**TASK BRIEF:** Print verbatim every line starting at the one that contains "this 2352×1568 image." and ending at the final line of the records; include both endpoints.

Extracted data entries
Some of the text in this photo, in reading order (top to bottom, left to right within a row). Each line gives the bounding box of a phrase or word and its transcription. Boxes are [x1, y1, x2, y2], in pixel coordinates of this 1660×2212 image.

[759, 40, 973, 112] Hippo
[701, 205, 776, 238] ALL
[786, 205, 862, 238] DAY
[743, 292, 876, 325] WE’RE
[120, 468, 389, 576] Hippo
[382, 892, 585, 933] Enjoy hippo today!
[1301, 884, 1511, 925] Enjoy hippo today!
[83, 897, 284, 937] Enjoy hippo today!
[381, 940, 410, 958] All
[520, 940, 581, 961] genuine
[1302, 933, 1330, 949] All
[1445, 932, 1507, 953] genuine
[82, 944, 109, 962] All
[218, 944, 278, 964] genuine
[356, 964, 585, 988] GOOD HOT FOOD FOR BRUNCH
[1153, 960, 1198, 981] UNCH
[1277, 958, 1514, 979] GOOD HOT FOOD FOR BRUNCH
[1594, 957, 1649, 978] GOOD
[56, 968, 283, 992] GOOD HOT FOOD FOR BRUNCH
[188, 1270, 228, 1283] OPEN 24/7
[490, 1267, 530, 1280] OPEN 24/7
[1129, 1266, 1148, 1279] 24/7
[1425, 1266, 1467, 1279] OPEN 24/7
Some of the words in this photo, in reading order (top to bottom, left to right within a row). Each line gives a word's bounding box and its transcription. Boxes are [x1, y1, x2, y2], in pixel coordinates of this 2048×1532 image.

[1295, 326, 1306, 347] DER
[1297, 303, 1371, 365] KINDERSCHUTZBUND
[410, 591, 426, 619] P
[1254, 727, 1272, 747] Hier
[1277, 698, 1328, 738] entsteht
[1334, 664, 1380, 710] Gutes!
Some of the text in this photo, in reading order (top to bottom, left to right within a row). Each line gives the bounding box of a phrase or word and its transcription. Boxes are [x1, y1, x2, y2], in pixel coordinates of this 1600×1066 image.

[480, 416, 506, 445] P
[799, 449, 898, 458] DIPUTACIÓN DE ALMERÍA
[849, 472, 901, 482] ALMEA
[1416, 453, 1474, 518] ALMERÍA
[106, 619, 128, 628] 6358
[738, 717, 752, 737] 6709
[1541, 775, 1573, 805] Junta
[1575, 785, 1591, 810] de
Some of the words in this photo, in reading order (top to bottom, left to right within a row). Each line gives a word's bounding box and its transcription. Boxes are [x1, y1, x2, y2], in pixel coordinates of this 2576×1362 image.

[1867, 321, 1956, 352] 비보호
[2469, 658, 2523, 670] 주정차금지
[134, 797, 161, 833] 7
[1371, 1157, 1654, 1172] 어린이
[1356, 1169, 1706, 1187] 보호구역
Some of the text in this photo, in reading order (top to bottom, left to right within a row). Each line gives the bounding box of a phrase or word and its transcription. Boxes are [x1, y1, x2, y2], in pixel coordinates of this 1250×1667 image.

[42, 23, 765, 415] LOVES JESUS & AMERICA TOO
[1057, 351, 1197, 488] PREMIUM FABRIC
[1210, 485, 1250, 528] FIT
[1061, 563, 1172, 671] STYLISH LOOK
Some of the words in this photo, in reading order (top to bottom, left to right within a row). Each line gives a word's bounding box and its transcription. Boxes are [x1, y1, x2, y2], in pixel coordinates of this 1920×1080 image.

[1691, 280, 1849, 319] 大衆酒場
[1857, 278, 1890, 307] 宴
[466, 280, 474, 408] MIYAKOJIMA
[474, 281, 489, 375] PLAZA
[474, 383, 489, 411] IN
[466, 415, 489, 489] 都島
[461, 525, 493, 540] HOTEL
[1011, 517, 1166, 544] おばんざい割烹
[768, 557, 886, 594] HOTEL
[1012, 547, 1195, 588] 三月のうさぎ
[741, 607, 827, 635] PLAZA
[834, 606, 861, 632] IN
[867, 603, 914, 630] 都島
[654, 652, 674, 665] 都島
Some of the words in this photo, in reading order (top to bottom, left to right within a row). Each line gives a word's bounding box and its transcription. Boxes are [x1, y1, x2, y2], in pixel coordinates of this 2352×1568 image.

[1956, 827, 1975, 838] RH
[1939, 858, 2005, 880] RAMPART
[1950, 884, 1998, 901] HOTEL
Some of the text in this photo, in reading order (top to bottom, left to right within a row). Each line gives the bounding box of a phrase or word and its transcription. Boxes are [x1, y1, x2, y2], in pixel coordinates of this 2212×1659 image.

**SOLUTION FOR THIS PROBLEM:**
Some of the words in this photo, in reading order (top to bottom, left to right within a row). Each line gives a word's bounding box and its transcription. Boxes are [x1, y1, x2, y2], in pixel coordinates of this 2352×1568 image.

[1956, 827, 1975, 838] RH
[1939, 858, 2005, 880] RAMPART
[1950, 884, 1998, 901] HOTEL
Some of the text in this photo, in reading order (top to bottom, left to right within a row). Each line gives the bounding box of a phrase or word and its transcription. Boxes are [x1, y1, x2, y2], in pixel coordinates of this 2212×1659 image.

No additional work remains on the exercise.